> **Problem requirements**
Could you transcribe every record below exactly as written, leaving out any pictures?

-- Opening Marker --

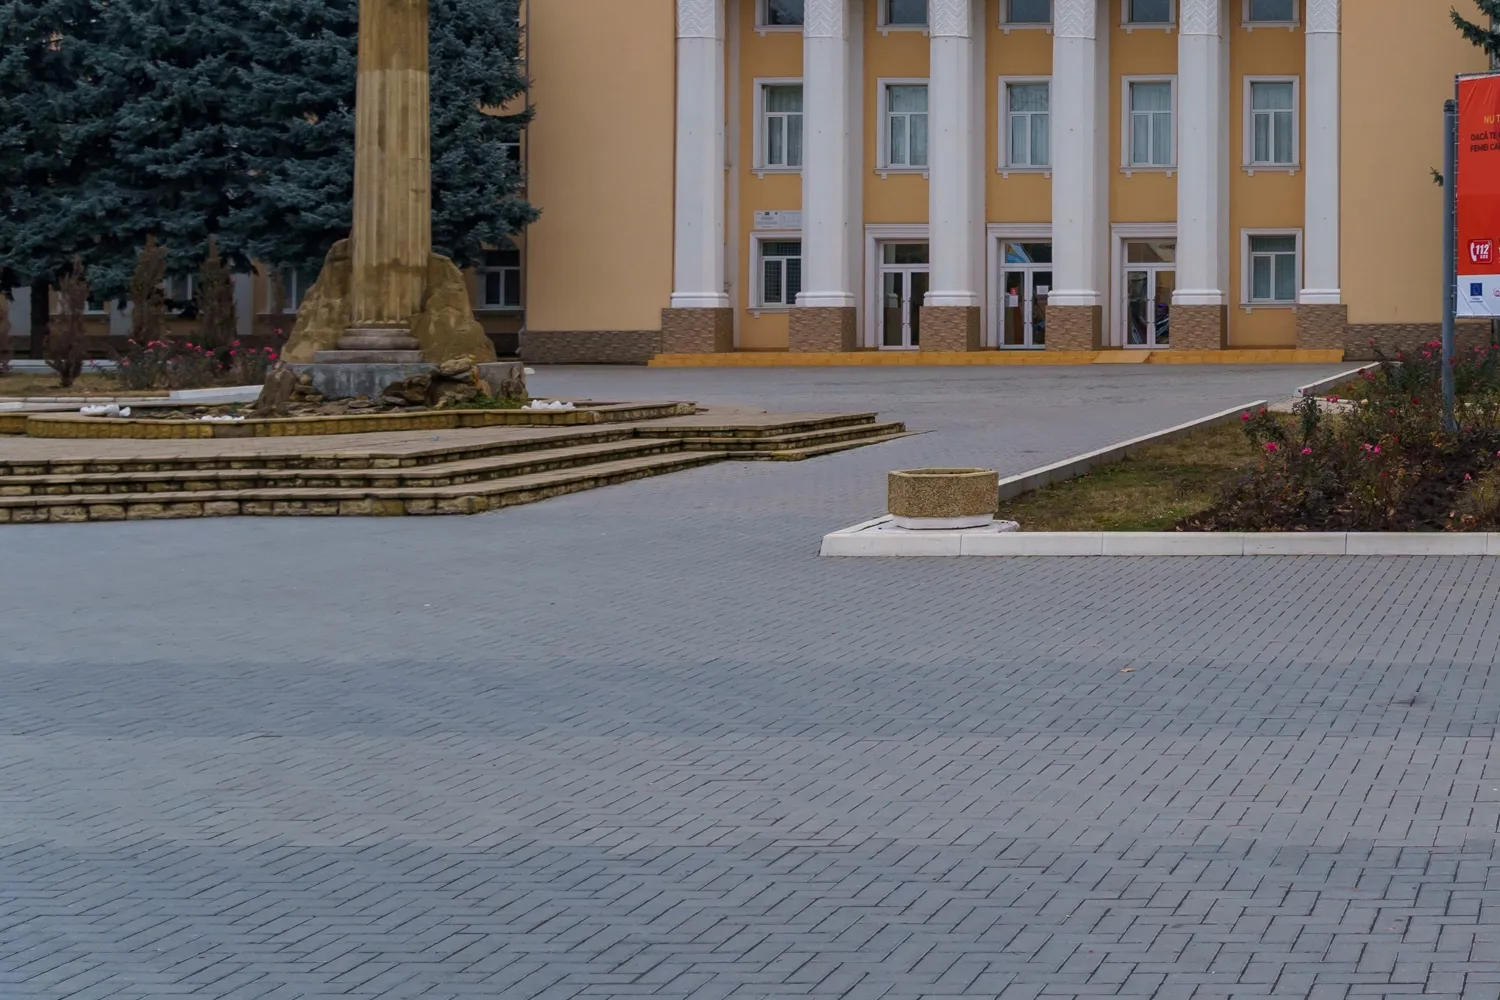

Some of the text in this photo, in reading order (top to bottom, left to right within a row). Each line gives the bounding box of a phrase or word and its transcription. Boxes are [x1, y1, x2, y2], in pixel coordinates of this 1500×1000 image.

[1484, 115, 1495, 124] NU
[1490, 131, 1497, 140] TE
[1470, 143, 1488, 152] FEMEI
[1476, 244, 1489, 254] 112
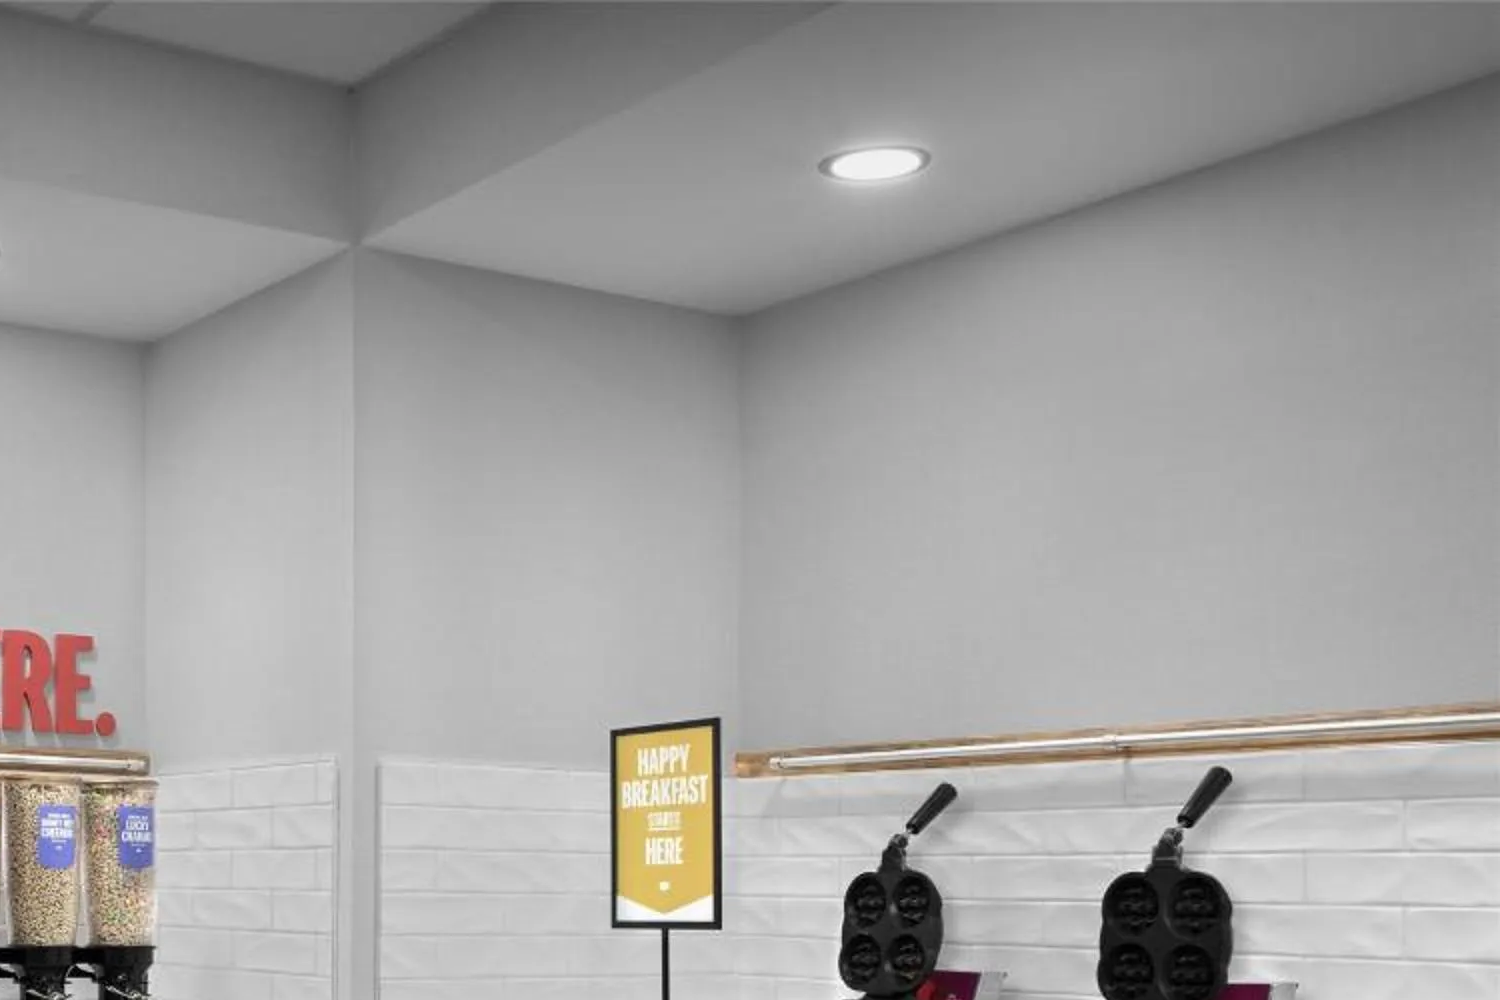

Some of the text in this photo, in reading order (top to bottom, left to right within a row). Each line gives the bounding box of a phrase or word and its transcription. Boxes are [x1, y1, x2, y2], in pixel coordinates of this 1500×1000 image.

-- Closing Marker --

> **Answer to the exercise**
Some of the text in this photo, in reading order (top to bottom, left to right within a row). Each line gives the bounding box of a phrase or word and its transcription. Boxes are [x1, y1, x2, y2], in pixel coordinates of this 1500×1000 image.

[1484, 115, 1495, 124] NU
[1490, 131, 1497, 140] TE
[1470, 143, 1488, 152] FEMEI
[1476, 244, 1489, 254] 112

Some of the text in this photo, in reading order (top to bottom, left to right within a row). Each line gives the bounding box of a phrase or word and its transcription. Boxes are [x1, y1, x2, y2], in pixel coordinates of this 1500×1000 image.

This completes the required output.